Someone gets ostracised due to racism, therefore the next generation should ostracise based on race too, as if somehow this avenges some perceived injustice worthy of the girl in Pacific Rim yelling "For my family!".

As if this wasn't dumb enough, it gets dumber.

Run an "ikan bakar" franchise, ruin it for political mileage, and then blame it on everyone else but yourself.

Then lead a bunch of rednecks into downtown Kuala Lumpur. As a sequel, now threaten to lead a riot on Petaling Street.

Why?

Because he could not get the authorities to approve his desire for an "ikan bakar" branch there a decade ago. Someone get this guy to Quentin Tarantino. Honestly, it is a very twisted tale worthy of chronicles as "The Chief of Big River", or even the "Odd Tales of Munchausen's" suffered by a right-wing mobster.

There you have it. Racism begets racism begets racism, or as I term it, "laissez faire racism" that has remained sustainable for almost 60 years and counting.

And look, it wasn't even political. If you look back at all three, it was all revenge, revenge and more revenge.

Teach all of these people to sing and dance, and we won't even need Bollywood movies anymore.

The worst thing of all is the marketed solution. Get the constitution amended, abolish the pro-Bumiputera policies and have some anti-racism law, and somehow we will all end up happy like Harry Potter sending his kids to Hogwarts altogether as one egalitarian non-racist society with a happy ending.

There might even be a march into Dataran Merdeka singing Les Miserables' "Do You Hear The People Sing" without even caring that Victor Hugo killed them all at the end, affected no change whatsoever because they couldn't get support from the masses who did not support them.

It is easy to be hopeful that one day Malaysians of all races can sit together and sing Kumbaya, but it is right now as believable as you throwing a pig off the KL Tower and saying it can fly.

As one friend tweeted his boss's words; hoping is not a strategy.

You can take all the Facebook photos you want and say "look, we are all different races holding placards together" all you want to somehow show your pro-diversity, but take a look at any restaurant table or even a school canteen during the day.

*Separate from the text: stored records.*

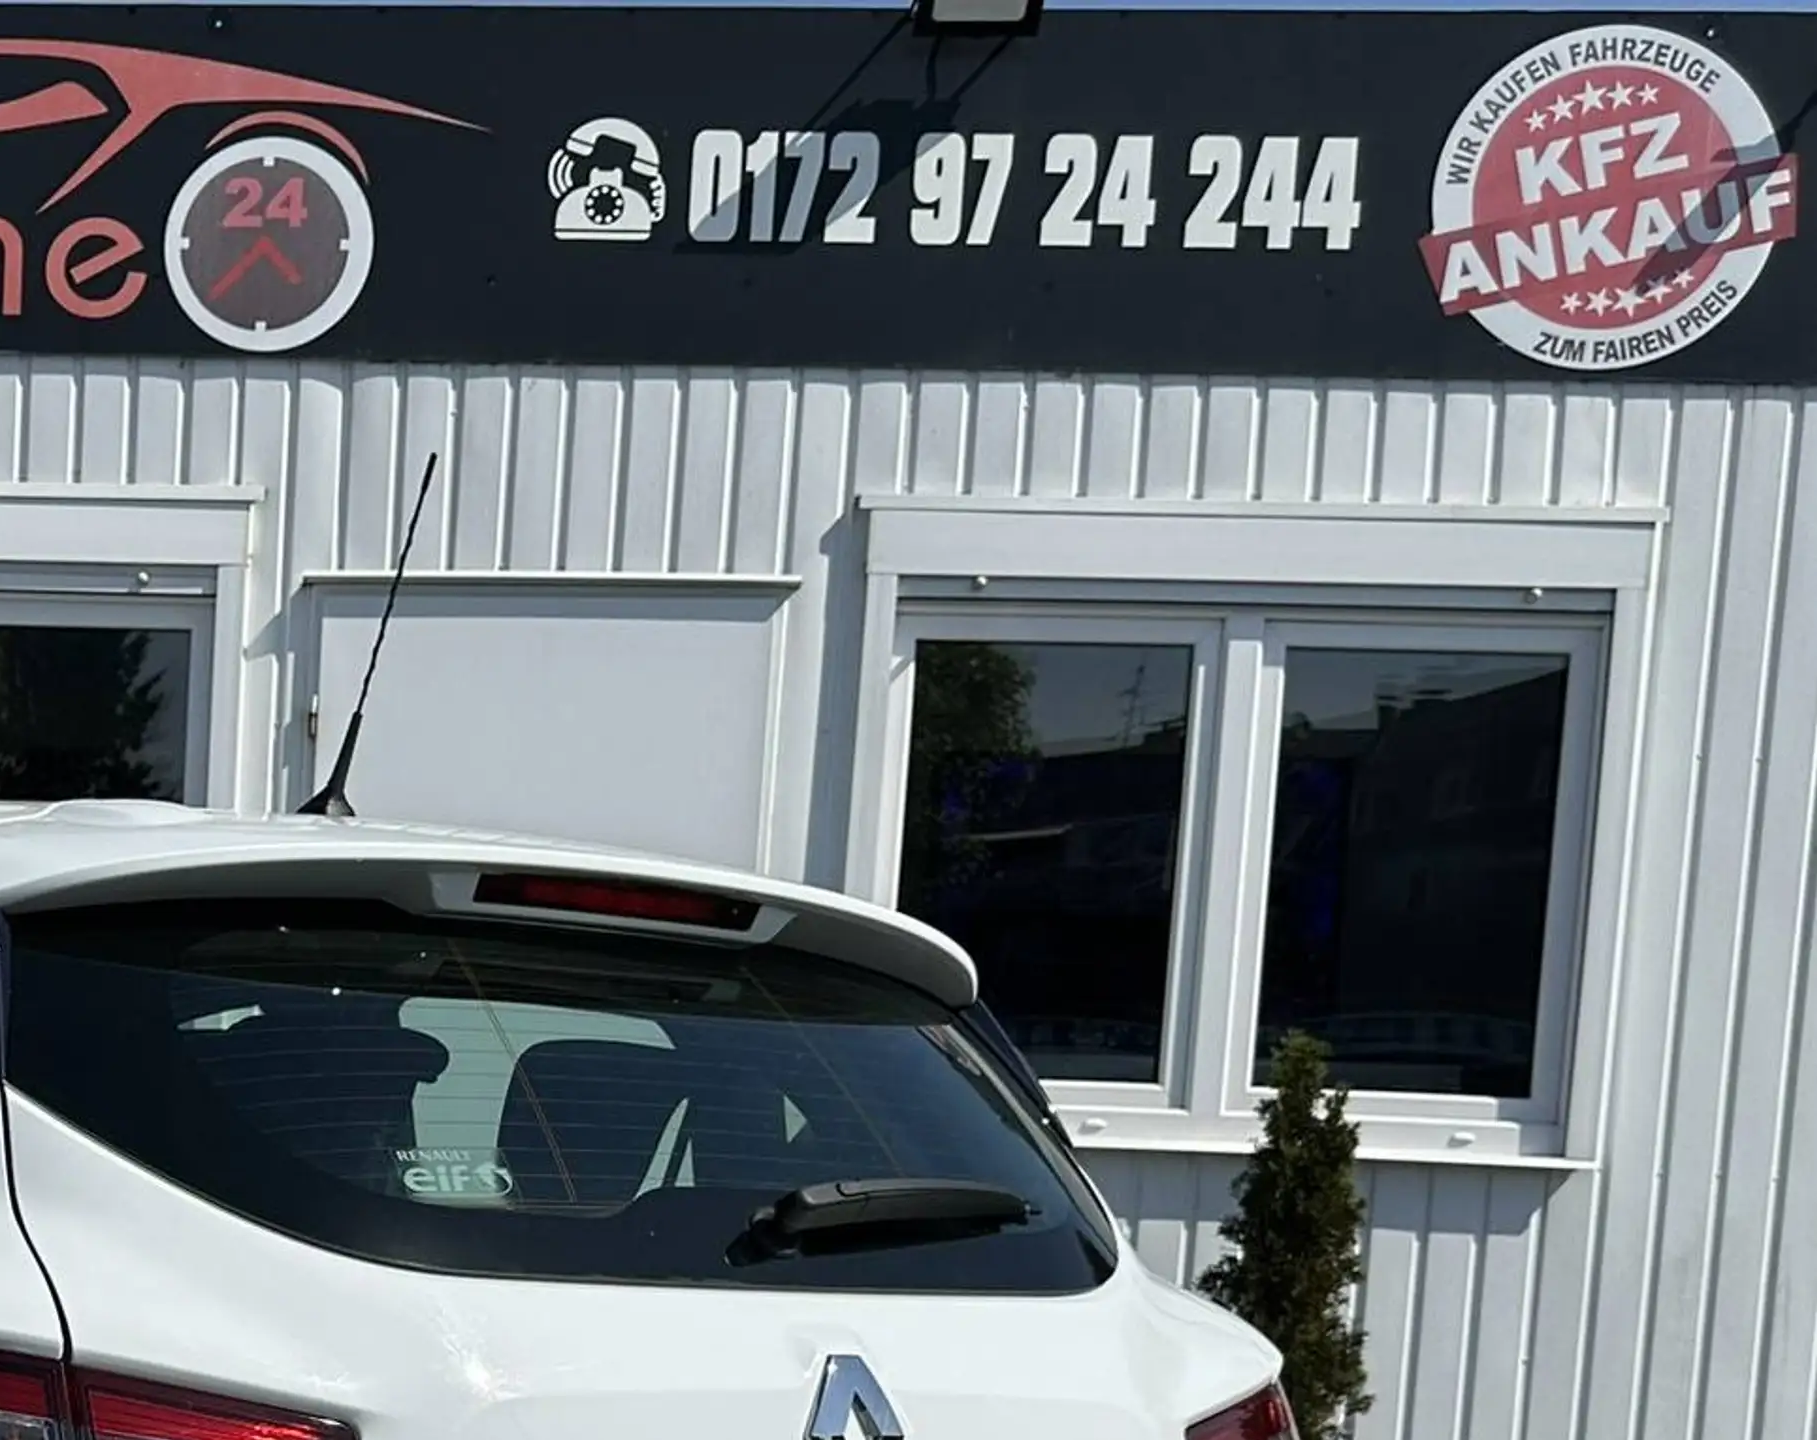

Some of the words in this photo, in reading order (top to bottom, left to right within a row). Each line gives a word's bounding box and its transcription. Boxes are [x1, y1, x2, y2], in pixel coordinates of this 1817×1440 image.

[1446, 136, 1482, 186] WIR
[1471, 51, 1562, 134] KAUFEN
[1568, 36, 1722, 95] FAHRZEUGE
[1514, 112, 1689, 205] KFZ
[222, 176, 309, 229] 24
[688, 129, 880, 243] 0172
[911, 132, 1015, 246] 97
[1039, 133, 1157, 247] 24
[1183, 134, 1362, 250] 244
[1440, 168, 1792, 303] ANKAUF
[1533, 331, 1587, 363] ZUM
[1592, 324, 1676, 364] FAIREN
[1679, 278, 1739, 339] PREIS

It will tell you a far different story. Heck, just walking into some companies will tell you it is a different story. So what should Malaysians do?

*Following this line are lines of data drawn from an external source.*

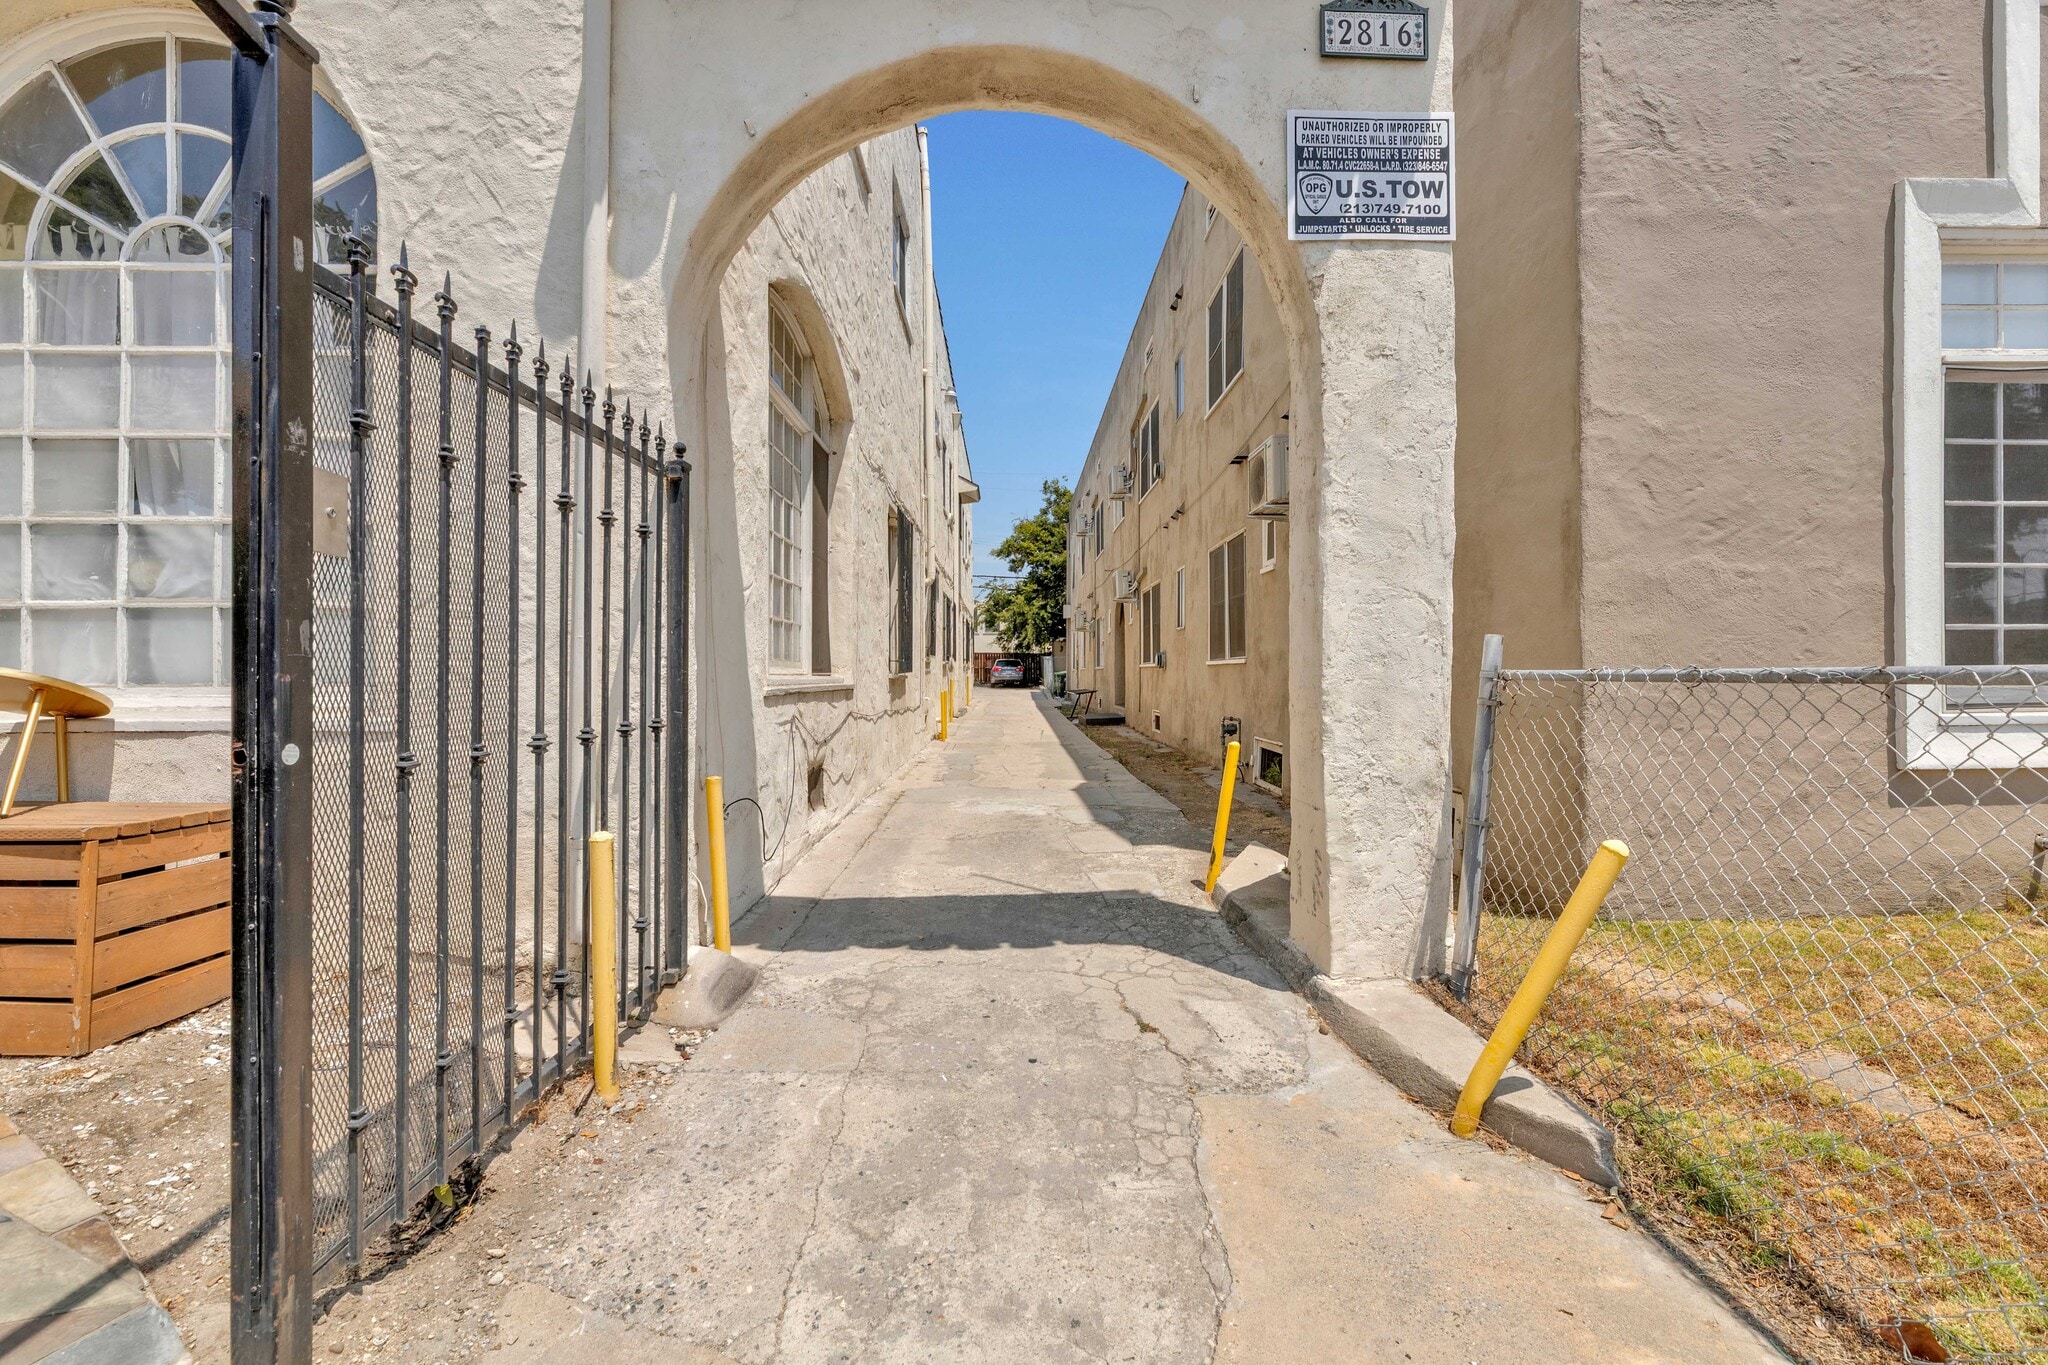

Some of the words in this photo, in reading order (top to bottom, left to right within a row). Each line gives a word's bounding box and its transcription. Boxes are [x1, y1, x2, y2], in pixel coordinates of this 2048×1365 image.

[1338, 19, 1412, 47] 2816
[1302, 121, 1370, 132] UNAUTHORIZED
[1372, 122, 1383, 132] OR
[1387, 123, 1441, 133] IMPROPERLY
[1302, 134, 1330, 144] PARKED
[1332, 135, 1367, 145] VEHICLES
[1370, 135, 1386, 145] WILL
[1389, 136, 1397, 145] BE
[1400, 136, 1442, 145] IMPOUNDED
[1302, 148, 1314, 158] AT
[1317, 148, 1358, 159] VEHICLES
[1361, 149, 1399, 159] OWNER'S
[1402, 149, 1440, 159] EXPENSE
[1306, 183, 1327, 193] OPG
[1339, 204, 1441, 214] (213)749.7100
[1298, 225, 1347, 233] JUMPSTARTS
[1355, 225, 1390, 233] UNLOCKS
[1416, 226, 1448, 234] SERVICE

Well, there are a few options. We can keep spewing "Everything is Awesome" and then be shocked when it hits us in the face, as it did during the first "red shirt" rally.

Or, we could simply stop letting it affect us and get on with more important things in our lives, most preferably without bumping into a kid in a tutu telling us she "won't speak to strangers, especially Malays, because they are stupid" or her parents, as mentioned in that viral Facebook post.

Racism will only affect us if we let it. I choose to be very, very sarcastic instead. – September 29, 2015.

* This is the personal opinion of the writer or publication and does not necessarily represent the views of The Malaysian Insider.